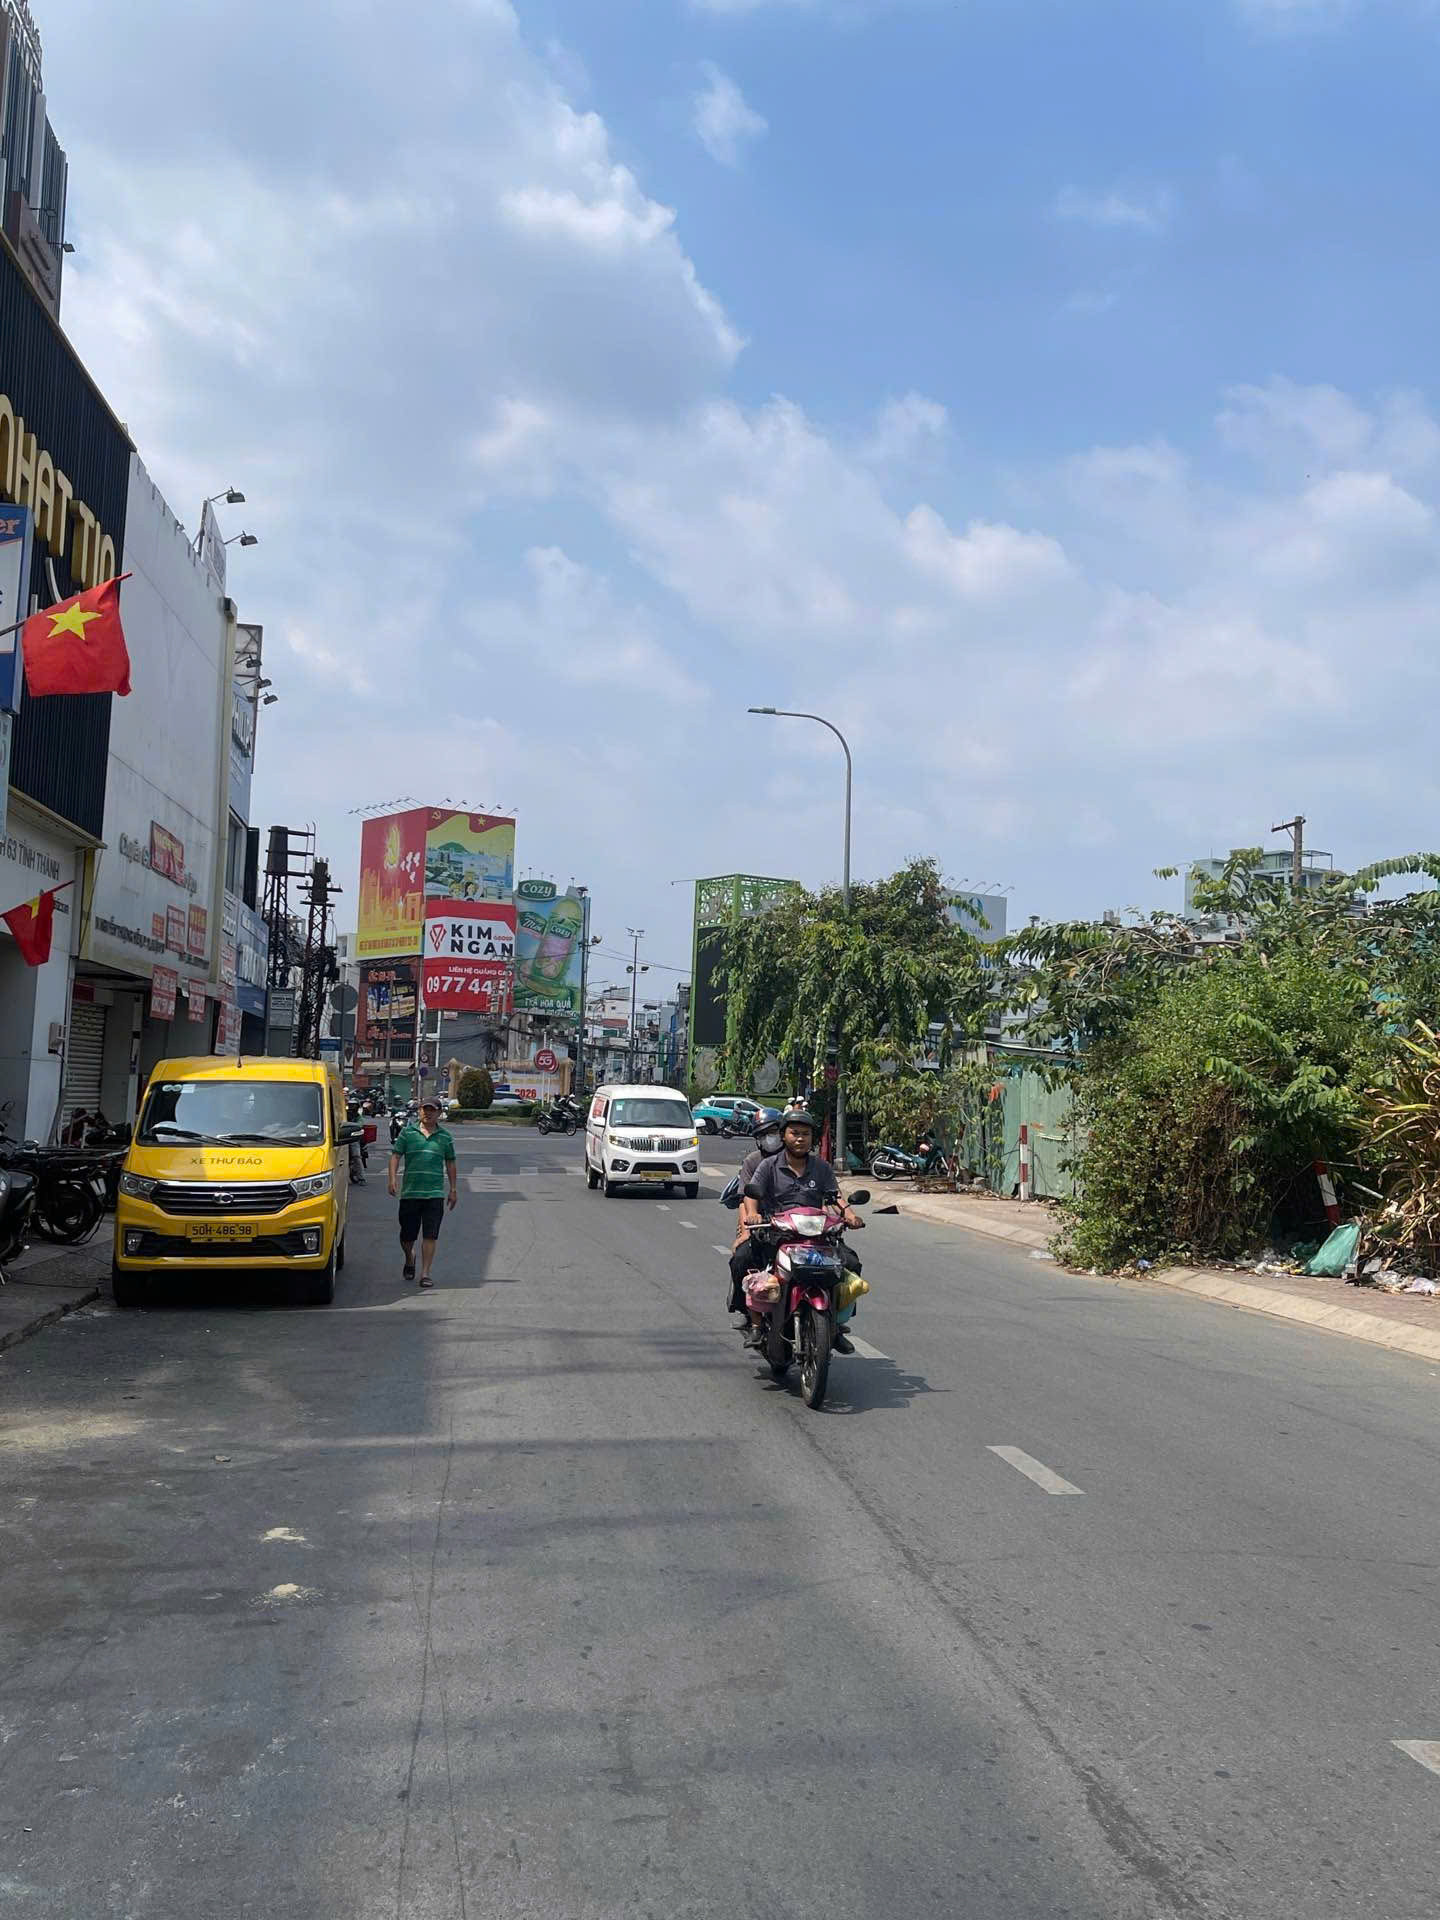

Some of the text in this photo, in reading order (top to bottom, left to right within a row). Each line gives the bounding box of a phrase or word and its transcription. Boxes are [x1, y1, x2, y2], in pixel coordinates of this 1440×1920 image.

[7, 838, 17, 860] 63
[521, 882, 552, 897] Cozy
[451, 924, 492, 940] KIM
[551, 925, 571, 938] Cozy
[450, 939, 513, 957] NGAN
[448, 965, 462, 973] LIÊN
[464, 966, 473, 974] HỆ
[540, 999, 554, 1008] HOA
[556, 997, 571, 1008] QUẢ
[538, 1055, 552, 1066] 5G
[191, 1157, 206, 1165] XE
[210, 1157, 236, 1165] THƯ

Task to carry out
Could you please return each line of the material exactly, dropping the pictures?

Response to the exercise
Some of the text in this photo, in reading order (top to bottom, left to right within a row). Each line gives the bounding box of a phrase or word and its transcription. Boxes are [x1, y1, x2, y2], in pixel coordinates of this 1440×1920 image.

[7, 838, 17, 860] 63
[521, 882, 552, 897] Cozy
[451, 924, 492, 940] KIM
[551, 925, 571, 938] Cozy
[450, 939, 513, 957] NGAN
[448, 965, 462, 973] LIÊN
[464, 966, 473, 974] HỆ
[540, 999, 554, 1008] HOA
[556, 997, 571, 1008] QUẢ
[538, 1055, 552, 1066] 5G
[191, 1157, 206, 1165] XE
[210, 1157, 236, 1165] THƯ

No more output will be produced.